I was asked recently what I would not offer freely. This got me to thinking about my limits. I had not explored them seriously in quite some time. Just random comments of, “no red,” or “you know that’s a hard limit” when things came up. Back when Husband and I first entered the community, I did a lot with lists. Filled out fetish lists, filled out like/dislike/limits lists. But it had been quite a while since I seriously visited the topic, and limits do change over time. My partners have challenged my limits, poking them gently here and there, never Leaping over the line, just prodding it until they made a hole to slip through. Or, in a couple cases, waiting until I changed my mind and Asked to try something.

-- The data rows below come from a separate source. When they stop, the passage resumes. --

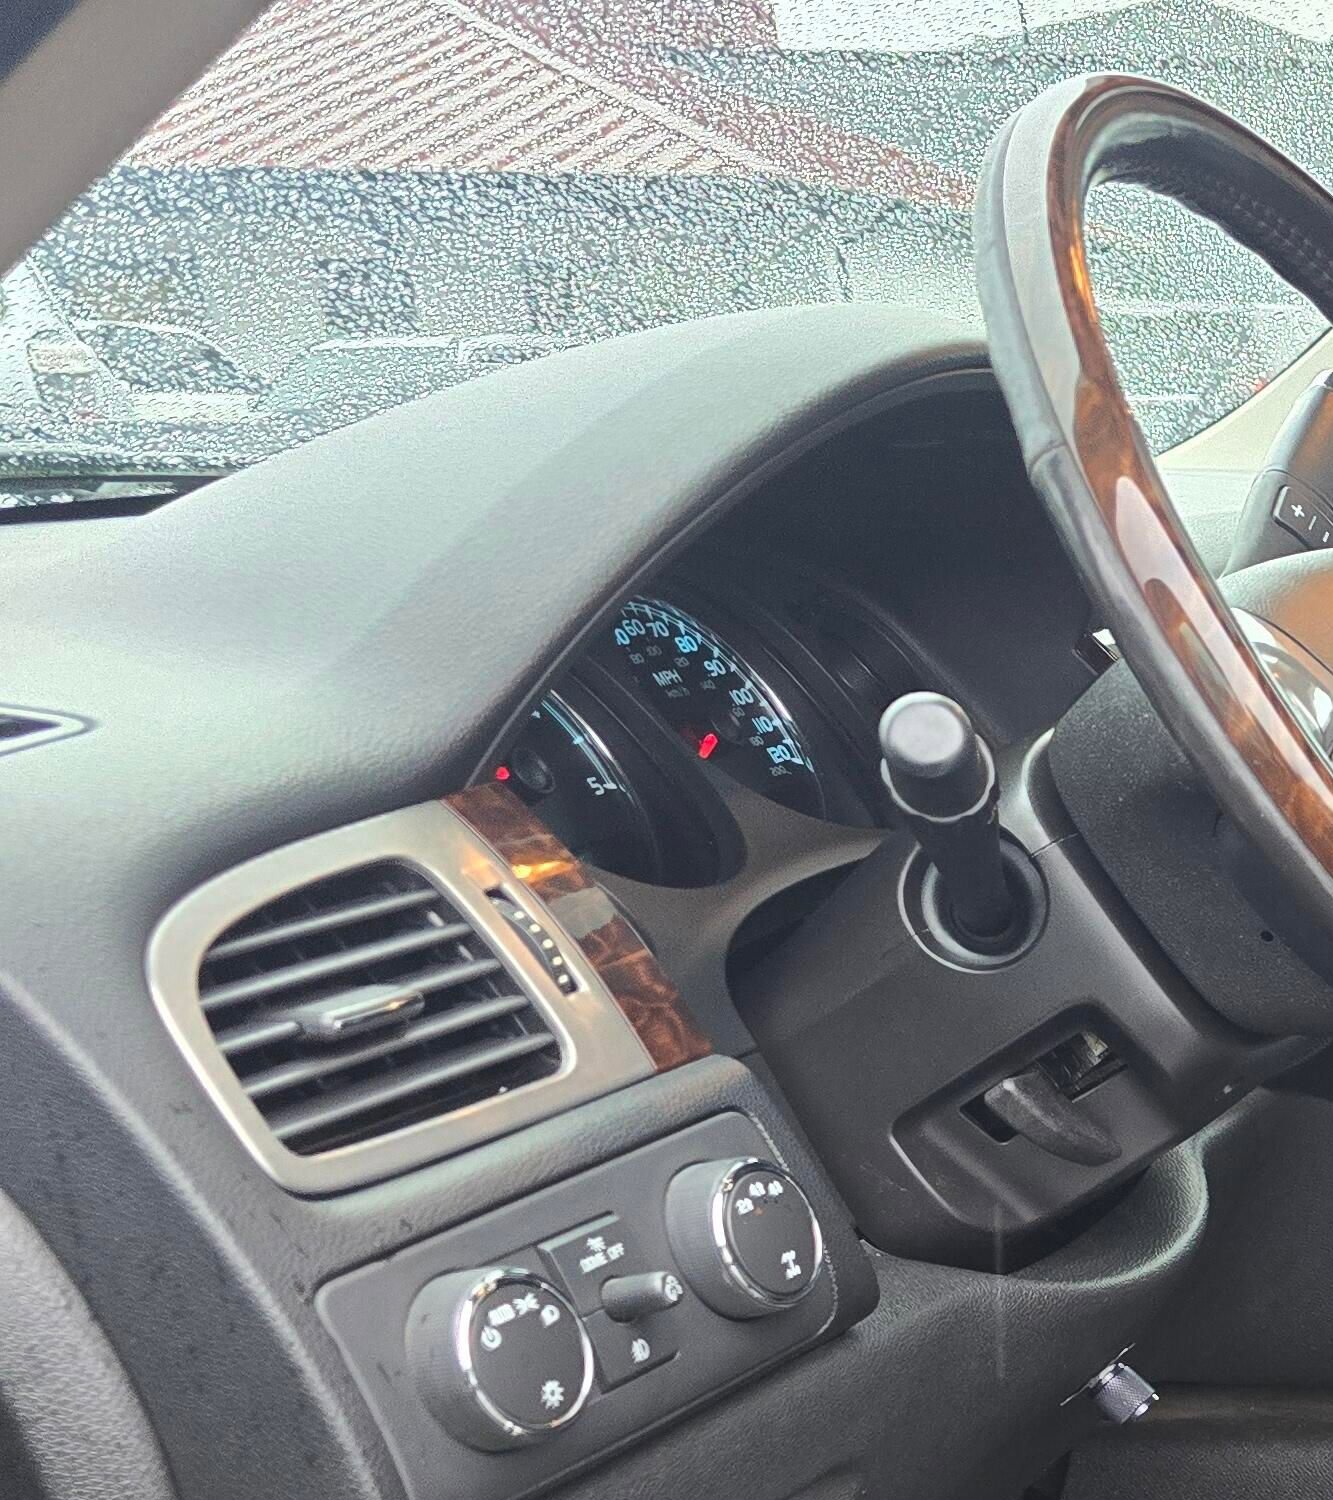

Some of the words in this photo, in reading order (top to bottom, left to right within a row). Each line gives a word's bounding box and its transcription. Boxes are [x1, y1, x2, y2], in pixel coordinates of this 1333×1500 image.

[622, 619, 646, 636] 60
[646, 621, 669, 638] 70
[674, 635, 698, 653] 80
[652, 668, 683, 687] MPH
[703, 659, 727, 677] 90
[728, 687, 754, 706] 100
[751, 715, 774, 734] 110
[766, 745, 791, 764] 120
[586, 776, 605, 796] 5

So I now have three lists. Current Hard Limits, acknowledging that things do change. Previously Hard Limits that have been pushed to Soft Limits, acknowledging that these are still tricky ground, and often partner specific. And a very short Soft Limits list of two things I didn’t know enough to have put on my Hard Limits list in the first place.

 

Current Hard Limits

Children

Age Play/Infantilism

Animals(yes, this includes snakes)

Furry Play

Shit

Piss

Puke

Blood (except for sex during menstruation)

Needles/Staples

Hooks/Piercings

Cutting of the skin (does not include scraping/scratching or breaking from impact play)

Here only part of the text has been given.